Extracted entries:
☆ ☆ ☆ ☆ ☆

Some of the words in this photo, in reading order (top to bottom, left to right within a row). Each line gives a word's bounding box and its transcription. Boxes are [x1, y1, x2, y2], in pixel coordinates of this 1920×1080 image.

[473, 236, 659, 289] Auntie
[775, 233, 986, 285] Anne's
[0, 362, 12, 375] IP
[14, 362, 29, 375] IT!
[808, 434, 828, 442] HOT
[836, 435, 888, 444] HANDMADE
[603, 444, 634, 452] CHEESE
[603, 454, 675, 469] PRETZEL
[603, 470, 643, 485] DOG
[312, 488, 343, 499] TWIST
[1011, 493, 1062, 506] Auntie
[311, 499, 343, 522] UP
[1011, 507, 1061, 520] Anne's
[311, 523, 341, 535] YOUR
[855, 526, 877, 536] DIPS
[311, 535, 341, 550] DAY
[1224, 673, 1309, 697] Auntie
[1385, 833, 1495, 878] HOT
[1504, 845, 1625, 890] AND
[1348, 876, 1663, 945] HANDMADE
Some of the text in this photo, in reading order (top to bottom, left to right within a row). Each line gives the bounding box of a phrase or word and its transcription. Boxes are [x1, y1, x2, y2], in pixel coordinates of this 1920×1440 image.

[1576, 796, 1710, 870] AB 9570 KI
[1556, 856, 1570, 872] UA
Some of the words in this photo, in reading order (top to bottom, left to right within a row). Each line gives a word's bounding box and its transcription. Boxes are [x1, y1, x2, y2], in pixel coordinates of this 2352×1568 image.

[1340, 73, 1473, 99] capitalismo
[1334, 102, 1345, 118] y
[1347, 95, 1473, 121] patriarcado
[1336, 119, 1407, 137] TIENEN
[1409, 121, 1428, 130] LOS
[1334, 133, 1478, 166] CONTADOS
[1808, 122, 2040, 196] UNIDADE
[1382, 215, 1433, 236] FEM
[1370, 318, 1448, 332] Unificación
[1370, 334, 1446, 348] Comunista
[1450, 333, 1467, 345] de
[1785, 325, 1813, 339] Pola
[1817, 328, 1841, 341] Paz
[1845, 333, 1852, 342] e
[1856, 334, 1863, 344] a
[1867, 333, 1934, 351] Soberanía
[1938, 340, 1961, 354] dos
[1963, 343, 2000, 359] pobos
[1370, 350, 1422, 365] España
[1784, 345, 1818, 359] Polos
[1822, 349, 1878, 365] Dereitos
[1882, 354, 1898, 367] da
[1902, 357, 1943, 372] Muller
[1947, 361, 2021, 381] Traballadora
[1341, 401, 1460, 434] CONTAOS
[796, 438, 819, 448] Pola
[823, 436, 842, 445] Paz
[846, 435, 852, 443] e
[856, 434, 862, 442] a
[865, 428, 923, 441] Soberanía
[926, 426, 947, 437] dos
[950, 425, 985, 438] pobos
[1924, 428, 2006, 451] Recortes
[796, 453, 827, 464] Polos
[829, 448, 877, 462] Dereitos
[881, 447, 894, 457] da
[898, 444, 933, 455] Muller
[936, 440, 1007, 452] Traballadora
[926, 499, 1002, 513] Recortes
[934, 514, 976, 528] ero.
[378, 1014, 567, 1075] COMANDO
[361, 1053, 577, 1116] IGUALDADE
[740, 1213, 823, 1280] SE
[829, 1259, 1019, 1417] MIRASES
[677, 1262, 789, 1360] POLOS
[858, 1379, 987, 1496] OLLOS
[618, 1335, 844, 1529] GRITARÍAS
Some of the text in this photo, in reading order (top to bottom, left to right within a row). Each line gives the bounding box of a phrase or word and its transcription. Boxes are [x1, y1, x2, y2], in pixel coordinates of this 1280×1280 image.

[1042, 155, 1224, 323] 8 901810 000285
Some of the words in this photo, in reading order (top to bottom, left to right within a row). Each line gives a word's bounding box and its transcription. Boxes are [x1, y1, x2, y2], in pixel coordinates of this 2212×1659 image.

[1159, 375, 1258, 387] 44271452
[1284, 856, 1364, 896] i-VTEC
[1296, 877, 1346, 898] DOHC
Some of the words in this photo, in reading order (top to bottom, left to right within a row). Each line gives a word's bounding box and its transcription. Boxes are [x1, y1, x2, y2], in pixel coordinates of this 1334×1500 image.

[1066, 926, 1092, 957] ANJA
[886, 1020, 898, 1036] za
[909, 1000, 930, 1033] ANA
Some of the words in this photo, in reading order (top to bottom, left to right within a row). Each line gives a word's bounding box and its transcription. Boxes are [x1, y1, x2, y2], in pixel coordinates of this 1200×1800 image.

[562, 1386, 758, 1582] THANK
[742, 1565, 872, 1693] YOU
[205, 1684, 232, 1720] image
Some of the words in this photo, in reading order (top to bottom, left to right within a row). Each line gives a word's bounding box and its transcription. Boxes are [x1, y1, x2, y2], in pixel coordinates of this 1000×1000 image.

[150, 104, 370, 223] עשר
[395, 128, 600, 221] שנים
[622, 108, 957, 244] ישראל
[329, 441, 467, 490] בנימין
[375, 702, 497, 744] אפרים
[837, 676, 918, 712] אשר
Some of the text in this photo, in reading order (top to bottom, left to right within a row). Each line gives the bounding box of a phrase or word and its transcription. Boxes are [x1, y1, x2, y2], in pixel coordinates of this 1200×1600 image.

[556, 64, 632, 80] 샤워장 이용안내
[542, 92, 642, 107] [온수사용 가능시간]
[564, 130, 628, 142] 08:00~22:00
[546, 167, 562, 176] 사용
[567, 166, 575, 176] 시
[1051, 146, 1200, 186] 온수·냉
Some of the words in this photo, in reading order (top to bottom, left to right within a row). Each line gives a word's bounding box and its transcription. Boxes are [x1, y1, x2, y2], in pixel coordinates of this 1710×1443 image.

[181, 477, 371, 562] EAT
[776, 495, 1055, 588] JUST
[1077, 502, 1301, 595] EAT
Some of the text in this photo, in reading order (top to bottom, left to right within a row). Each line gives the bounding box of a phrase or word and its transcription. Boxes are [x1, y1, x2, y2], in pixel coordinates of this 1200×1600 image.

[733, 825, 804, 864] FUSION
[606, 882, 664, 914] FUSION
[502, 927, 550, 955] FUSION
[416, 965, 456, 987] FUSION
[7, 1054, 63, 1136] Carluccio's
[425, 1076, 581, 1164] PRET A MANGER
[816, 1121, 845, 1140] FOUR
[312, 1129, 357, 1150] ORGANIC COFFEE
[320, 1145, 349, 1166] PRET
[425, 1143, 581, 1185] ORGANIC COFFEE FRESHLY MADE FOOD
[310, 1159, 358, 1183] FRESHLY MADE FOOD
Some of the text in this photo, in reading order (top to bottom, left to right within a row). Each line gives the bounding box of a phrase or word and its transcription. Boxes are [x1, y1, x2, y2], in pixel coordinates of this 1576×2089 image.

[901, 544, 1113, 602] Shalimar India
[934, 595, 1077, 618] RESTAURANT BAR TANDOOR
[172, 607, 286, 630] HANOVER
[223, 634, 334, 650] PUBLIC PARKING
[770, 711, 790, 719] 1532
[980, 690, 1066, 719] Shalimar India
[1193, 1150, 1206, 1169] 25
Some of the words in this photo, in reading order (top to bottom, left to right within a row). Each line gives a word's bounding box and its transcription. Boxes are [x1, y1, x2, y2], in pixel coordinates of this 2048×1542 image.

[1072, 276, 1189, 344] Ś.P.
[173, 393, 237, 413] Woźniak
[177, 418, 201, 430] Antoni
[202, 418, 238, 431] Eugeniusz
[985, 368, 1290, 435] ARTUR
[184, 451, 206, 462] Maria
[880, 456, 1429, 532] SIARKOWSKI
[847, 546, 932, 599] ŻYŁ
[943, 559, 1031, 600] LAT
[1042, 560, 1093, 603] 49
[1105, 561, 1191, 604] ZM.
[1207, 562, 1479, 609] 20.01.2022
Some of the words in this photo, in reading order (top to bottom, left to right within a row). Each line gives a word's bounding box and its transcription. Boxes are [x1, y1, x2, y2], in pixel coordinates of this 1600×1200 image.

☆ ☆ ☆ ☆ ☆

About this task:
Set down exactly what runs from the line with "this 1576×2089 image." to the last line of the data above, including both of those lines and no others.

Exercise output:
Some of the text in this photo, in reading order (top to bottom, left to right within a row). Each line gives the bounding box of a phrase or word and its transcription. Boxes are [x1, y1, x2, y2], in pixel coordinates of this 1576×2089 image.

[901, 544, 1113, 602] Shalimar India
[934, 595, 1077, 618] RESTAURANT BAR TANDOOR
[172, 607, 286, 630] HANOVER
[223, 634, 334, 650] PUBLIC PARKING
[770, 711, 790, 719] 1532
[980, 690, 1066, 719] Shalimar India
[1193, 1150, 1206, 1169] 25
Some of the words in this photo, in reading order (top to bottom, left to right within a row). Each line gives a word's bounding box and its transcription. Boxes are [x1, y1, x2, y2], in pixel coordinates of this 2048×1542 image.

[1072, 276, 1189, 344] Ś.P.
[173, 393, 237, 413] Woźniak
[177, 418, 201, 430] Antoni
[202, 418, 238, 431] Eugeniusz
[985, 368, 1290, 435] ARTUR
[184, 451, 206, 462] Maria
[880, 456, 1429, 532] SIARKOWSKI
[847, 546, 932, 599] ŻYŁ
[943, 559, 1031, 600] LAT
[1042, 560, 1093, 603] 49
[1105, 561, 1191, 604] ZM.
[1207, 562, 1479, 609] 20.01.2022
Some of the words in this photo, in reading order (top to bottom, left to right within a row). Each line gives a word's bounding box and its transcription. Boxes are [x1, y1, x2, y2], in pixel coordinates of this 1600×1200 image.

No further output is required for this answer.